The entries that follow need to be returned without any alteration.

## Data to process
===============

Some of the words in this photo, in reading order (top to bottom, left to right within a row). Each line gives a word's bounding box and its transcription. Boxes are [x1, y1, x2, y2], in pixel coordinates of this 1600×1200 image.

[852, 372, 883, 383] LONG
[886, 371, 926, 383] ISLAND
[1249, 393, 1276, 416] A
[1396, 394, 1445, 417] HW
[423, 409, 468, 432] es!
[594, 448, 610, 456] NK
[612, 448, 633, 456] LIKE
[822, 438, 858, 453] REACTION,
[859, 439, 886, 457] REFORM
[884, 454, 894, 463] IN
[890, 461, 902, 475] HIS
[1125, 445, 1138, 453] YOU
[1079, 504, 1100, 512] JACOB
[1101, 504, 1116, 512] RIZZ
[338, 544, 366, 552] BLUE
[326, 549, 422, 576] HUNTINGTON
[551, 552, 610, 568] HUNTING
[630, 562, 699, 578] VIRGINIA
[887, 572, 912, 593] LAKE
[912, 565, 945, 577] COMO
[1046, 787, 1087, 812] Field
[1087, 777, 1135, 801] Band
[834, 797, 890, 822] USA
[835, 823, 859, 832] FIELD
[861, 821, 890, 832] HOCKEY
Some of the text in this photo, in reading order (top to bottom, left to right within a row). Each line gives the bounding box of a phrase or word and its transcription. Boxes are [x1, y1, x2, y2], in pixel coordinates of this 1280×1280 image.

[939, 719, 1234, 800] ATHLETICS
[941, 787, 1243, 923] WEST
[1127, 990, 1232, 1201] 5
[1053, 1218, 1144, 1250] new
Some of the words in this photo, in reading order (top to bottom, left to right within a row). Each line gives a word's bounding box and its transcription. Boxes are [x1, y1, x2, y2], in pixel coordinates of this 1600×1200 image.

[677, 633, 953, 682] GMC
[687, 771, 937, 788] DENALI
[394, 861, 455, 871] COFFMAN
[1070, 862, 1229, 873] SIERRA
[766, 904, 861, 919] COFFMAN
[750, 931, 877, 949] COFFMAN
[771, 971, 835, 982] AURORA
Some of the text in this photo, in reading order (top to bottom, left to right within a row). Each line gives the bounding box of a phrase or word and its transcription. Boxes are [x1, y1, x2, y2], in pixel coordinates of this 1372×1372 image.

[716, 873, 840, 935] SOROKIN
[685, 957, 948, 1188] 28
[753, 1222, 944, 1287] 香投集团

===============

## Response to this exercise
Some of the words in this photo, in reading order (top to bottom, left to right within a row). Each line gives a word's bounding box and its transcription. Boxes are [x1, y1, x2, y2], in pixel coordinates of this 1600×1200 image.

[852, 372, 883, 383] LONG
[886, 371, 926, 383] ISLAND
[1249, 393, 1276, 416] A
[1396, 394, 1445, 417] HW
[423, 409, 468, 432] es!
[594, 448, 610, 456] NK
[612, 448, 633, 456] LIKE
[822, 438, 858, 453] REACTION,
[859, 439, 886, 457] REFORM
[884, 454, 894, 463] IN
[890, 461, 902, 475] HIS
[1125, 445, 1138, 453] YOU
[1079, 504, 1100, 512] JACOB
[1101, 504, 1116, 512] RIZZ
[338, 544, 366, 552] BLUE
[326, 549, 422, 576] HUNTINGTON
[551, 552, 610, 568] HUNTING
[630, 562, 699, 578] VIRGINIA
[887, 572, 912, 593] LAKE
[912, 565, 945, 577] COMO
[1046, 787, 1087, 812] Field
[1087, 777, 1135, 801] Band
[834, 797, 890, 822] USA
[835, 823, 859, 832] FIELD
[861, 821, 890, 832] HOCKEY
Some of the text in this photo, in reading order (top to bottom, left to right within a row). Each line gives the bounding box of a phrase or word and its transcription. Boxes are [x1, y1, x2, y2], in pixel coordinates of this 1280×1280 image.

[939, 719, 1234, 800] ATHLETICS
[941, 787, 1243, 923] WEST
[1127, 990, 1232, 1201] 5
[1053, 1218, 1144, 1250] new
Some of the words in this photo, in reading order (top to bottom, left to right within a row). Each line gives a word's bounding box and its transcription. Boxes are [x1, y1, x2, y2], in pixel coordinates of this 1600×1200 image.

[677, 633, 953, 682] GMC
[687, 771, 937, 788] DENALI
[394, 861, 455, 871] COFFMAN
[1070, 862, 1229, 873] SIERRA
[766, 904, 861, 919] COFFMAN
[750, 931, 877, 949] COFFMAN
[771, 971, 835, 982] AURORA
Some of the text in this photo, in reading order (top to bottom, left to right within a row). Each line gives the bounding box of a phrase or word and its transcription. Boxes are [x1, y1, x2, y2], in pixel coordinates of this 1372×1372 image.

[716, 873, 840, 935] SOROKIN
[685, 957, 948, 1188] 28
[753, 1222, 944, 1287] 香投集团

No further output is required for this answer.